### PROBLEM
Print every entry, word for word, and skip the images.

[Phrase grounding data]
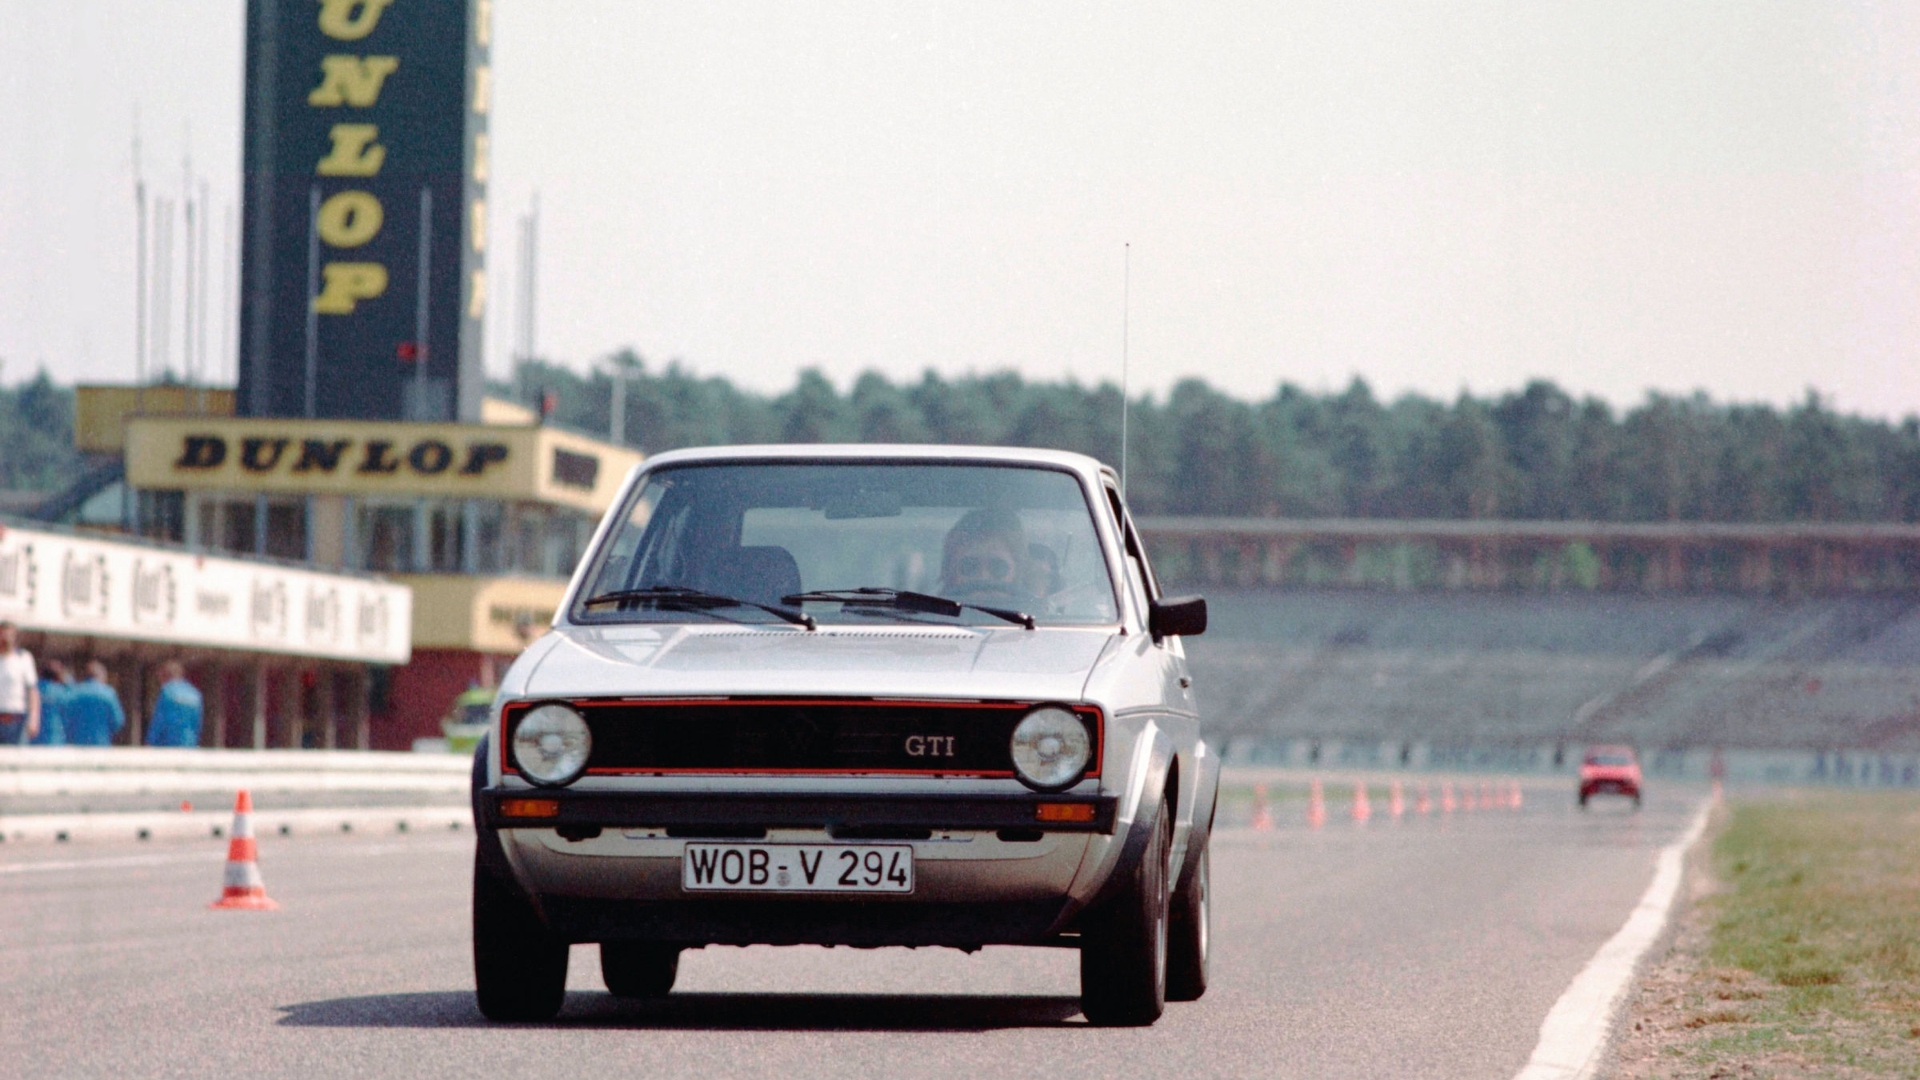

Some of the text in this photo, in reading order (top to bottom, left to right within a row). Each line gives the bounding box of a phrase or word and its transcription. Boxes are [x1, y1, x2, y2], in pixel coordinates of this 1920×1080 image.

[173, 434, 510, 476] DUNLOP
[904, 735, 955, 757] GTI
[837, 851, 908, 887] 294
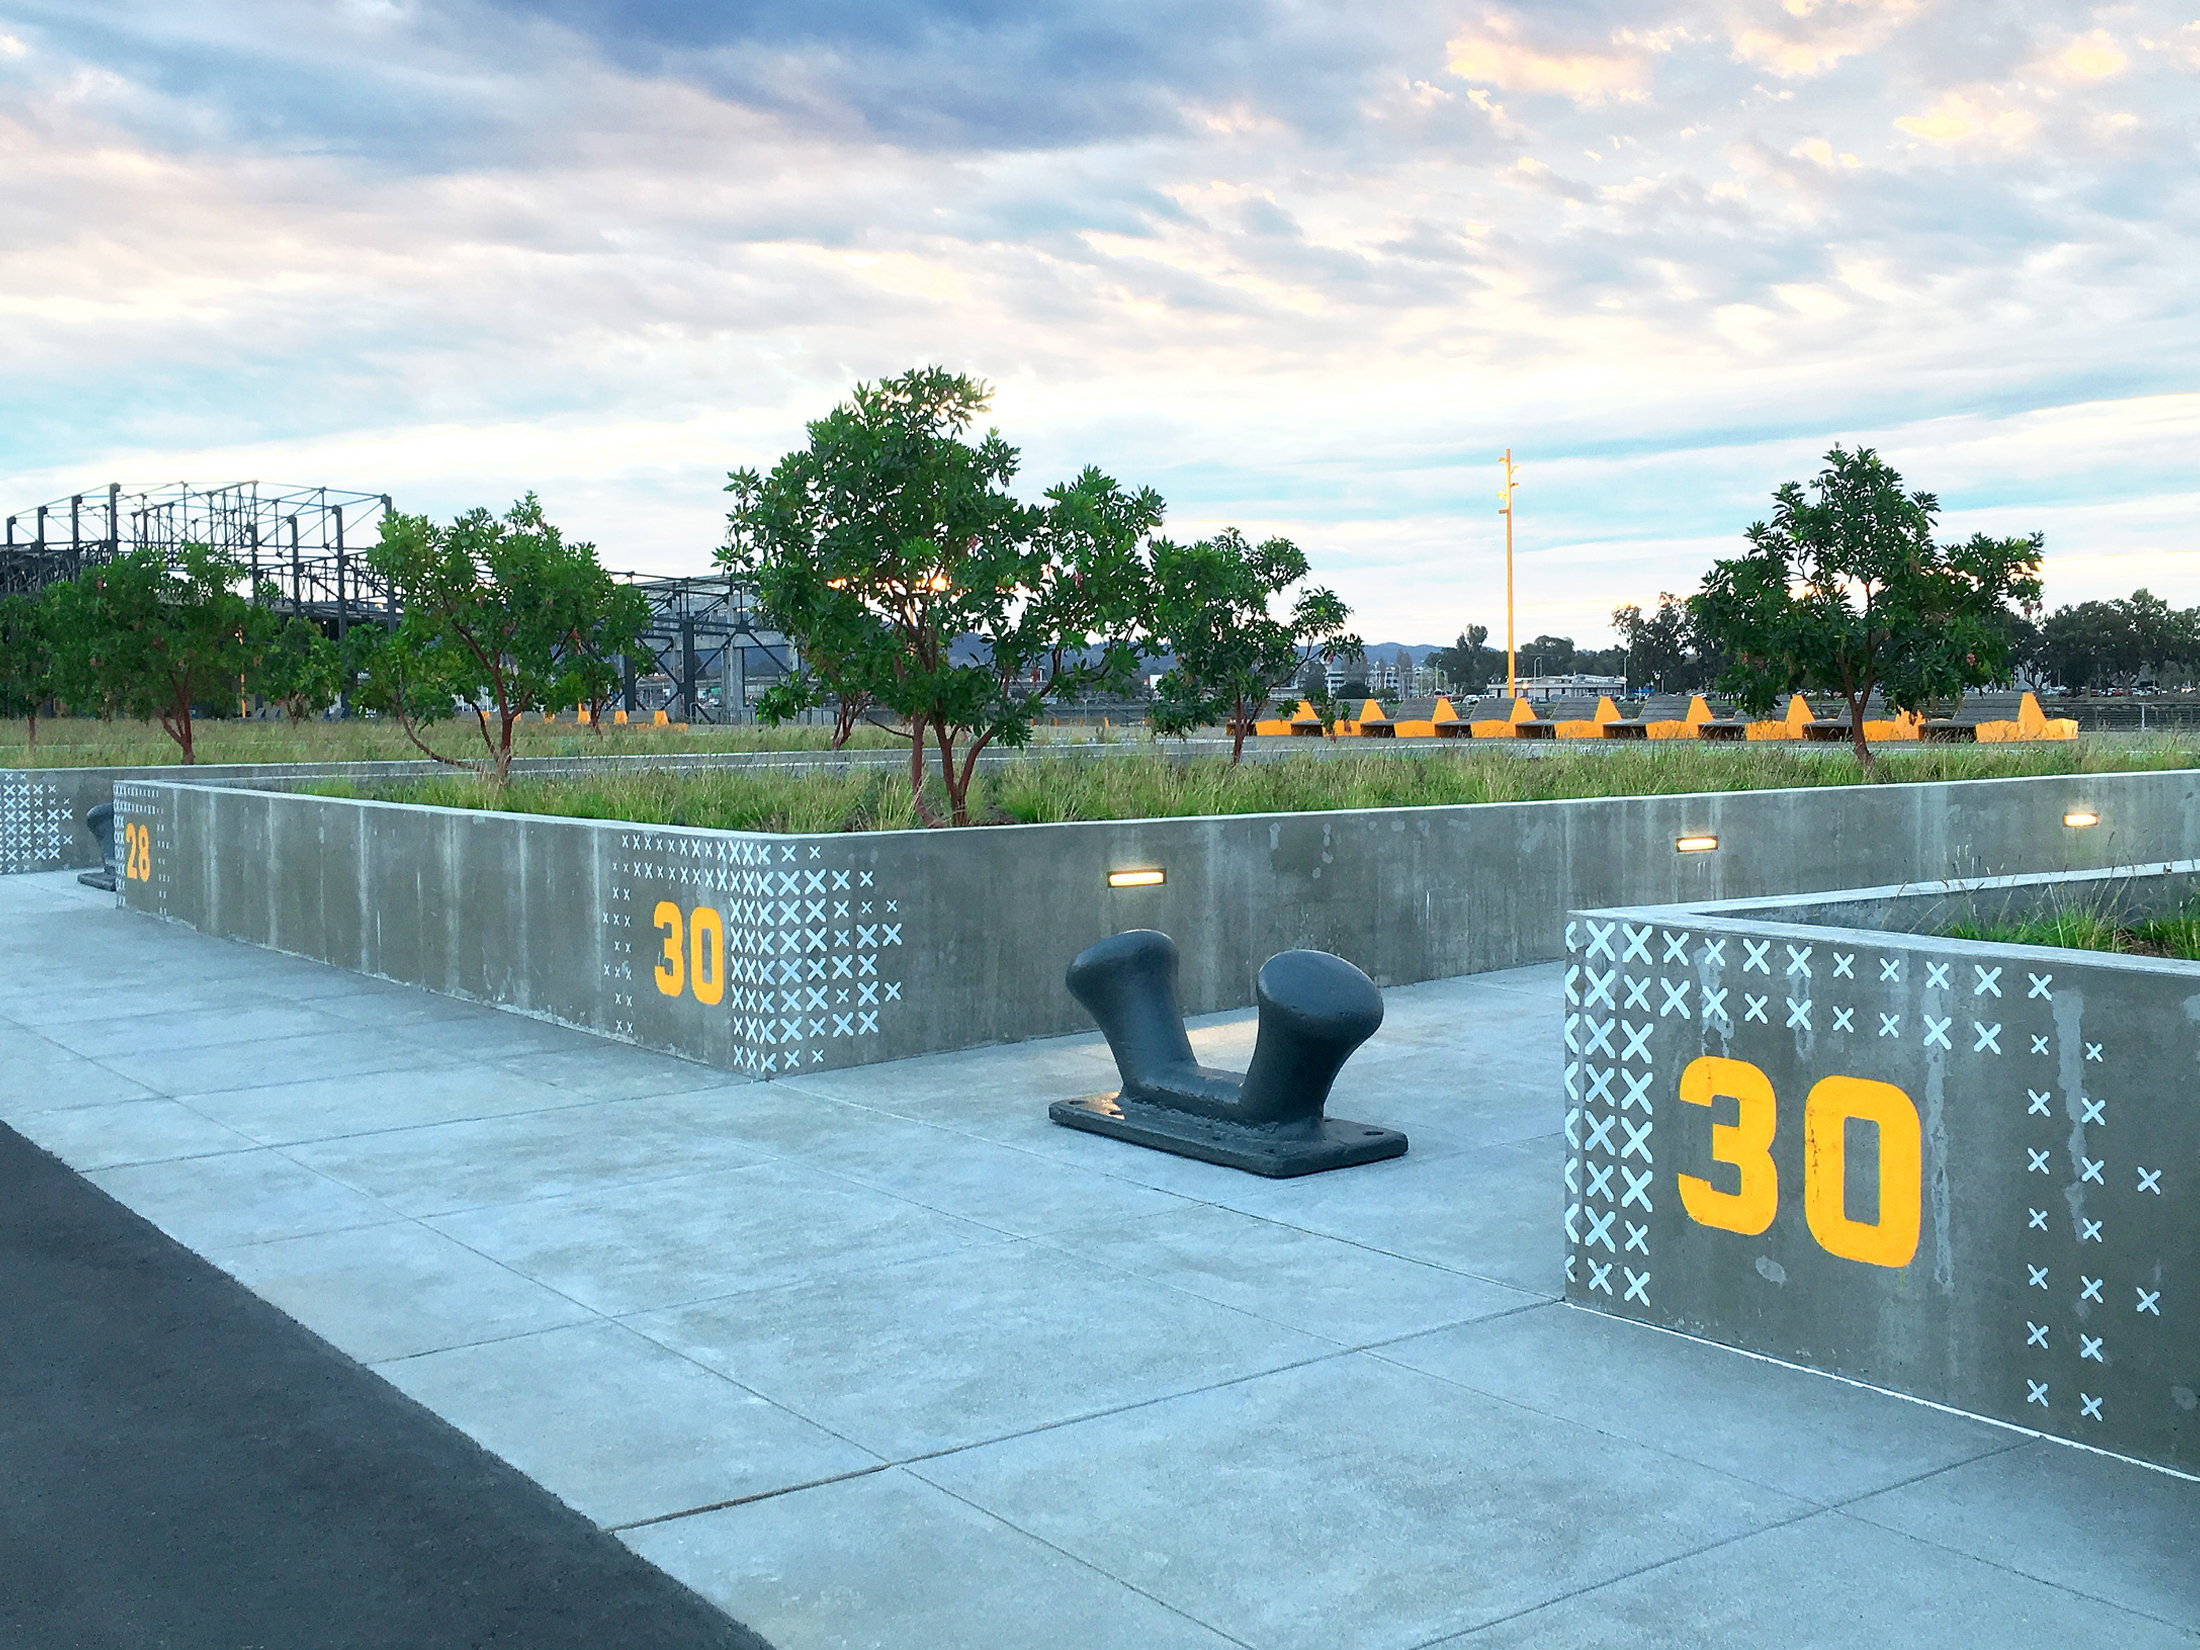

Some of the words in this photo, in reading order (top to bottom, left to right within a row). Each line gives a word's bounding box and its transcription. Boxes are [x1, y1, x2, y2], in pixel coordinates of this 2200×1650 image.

### SOLUTION TO THIS PROBLEM
Some of the text in this photo, in reading order (top to bottom, left to right within a row). Each line gives the bounding box of a phrase or word and its transcription. Boxes are [x1, y1, x2, y2], in pixel coordinates of this 1920×1080 image.

[173, 434, 510, 476] DUNLOP
[904, 735, 955, 757] GTI
[837, 851, 908, 887] 294

Some of the words in this photo, in reading order (top to bottom, left to right within a row). Each line gives a word's bounding box and its transcription. Boxes are [x1, y1, x2, y2], in pixel coordinates of this 2200×1650 image.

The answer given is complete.